Our place in the sun
IT’S not up to me, and probably just as well, but if I could give Australia a motto to put on the coat of arms it would be: “Swim between the flags”.
Simple, practical, and so emblematic of the easygoing and relaxed nature of our democracy: our national passion, the beach – where everyone is an equal, having fun, relaxed. In a country obsessed with land and house prices the most expensive stuff is actually sand (or as near to it as you can get).
Other nations should be so lucky to enjoy such a luxury where concerns of civil strife are so far away, and safety at the seaside is the simple message that seems most relevant some days.
Instead, nations comparable to ours – and there aren’t many – have anthems roiled up about ruling the waves, or rockets exploding in air, and storming the walls of the Bastille. We celebrate Australia Day at the grassroots level, first and foremost, because that’s where its gentle heart is and where it belongs.

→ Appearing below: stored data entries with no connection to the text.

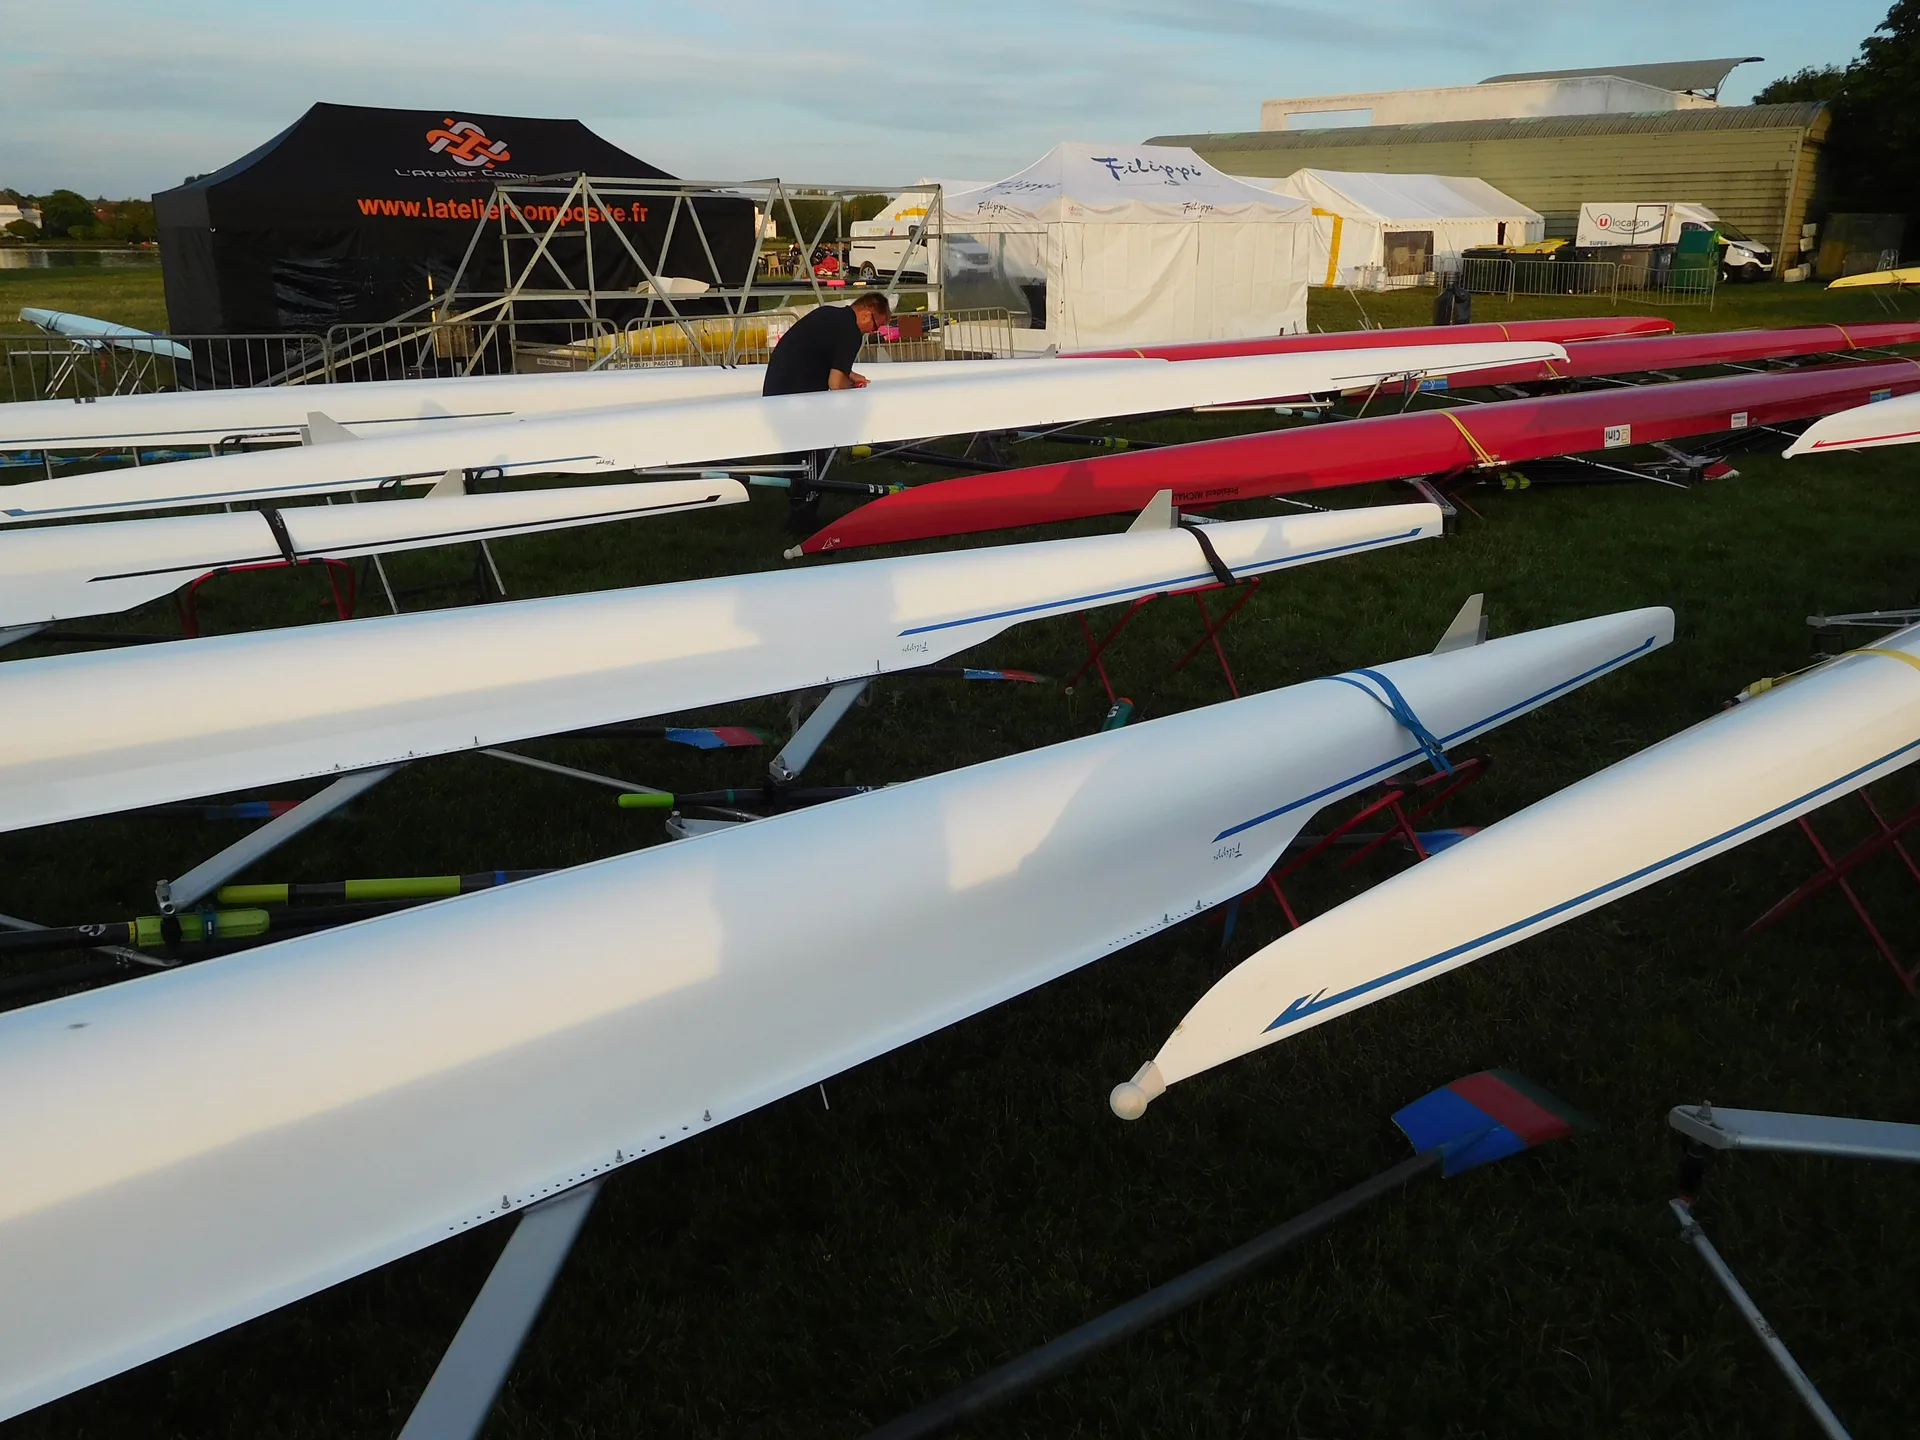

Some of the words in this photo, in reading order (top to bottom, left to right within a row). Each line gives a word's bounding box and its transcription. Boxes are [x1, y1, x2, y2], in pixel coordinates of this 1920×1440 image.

[1091, 157, 1202, 182] Filippi
[977, 201, 1008, 215] Filippi
[1182, 202, 1214, 214] Filippi
[1599, 218, 1608, 227] U
[1612, 218, 1650, 227] location
[1605, 429, 1621, 443] Cini

All those little ceremonies in local parks; a sausage sizzle or a BBQ in public places and in millions of private backyards. No demonstrations of military firepower and might rumbling through the streets.
And there’s Australian of The Year. If they’re a dud we’ll get over it because we know there’s another one next year.

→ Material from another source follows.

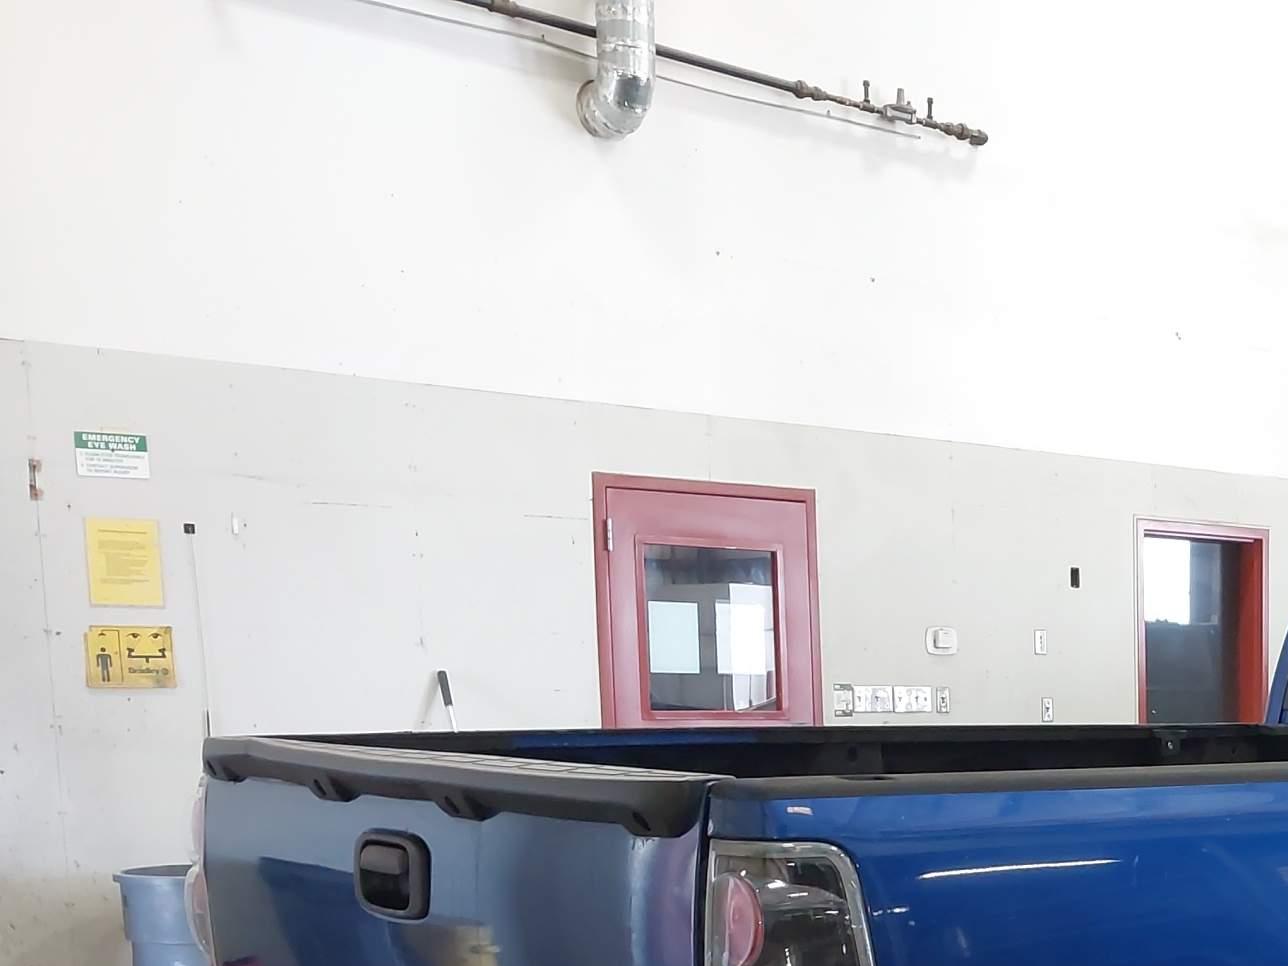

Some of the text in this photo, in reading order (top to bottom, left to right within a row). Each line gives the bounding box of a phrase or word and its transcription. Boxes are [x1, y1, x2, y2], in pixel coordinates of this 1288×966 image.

[82, 433, 140, 444] EMERGENCY
[87, 441, 137, 451] EYE WASH

The lucky country got lucky twice. It’s an island, a big one. Countries that share borders tend to have recurrent problems. And second, its modern society is built on strong and worthy institutions, the rule of law and a civic notion of fairness. People have done a lot to protect these very things over a steadily lengthening time that is starting to add up to something. None of it is to be taken for granted. The gift to us of these attributes is that, really, when all is said and done, we don’t have much other to worry about than not getting caught in the rip. What a blessing.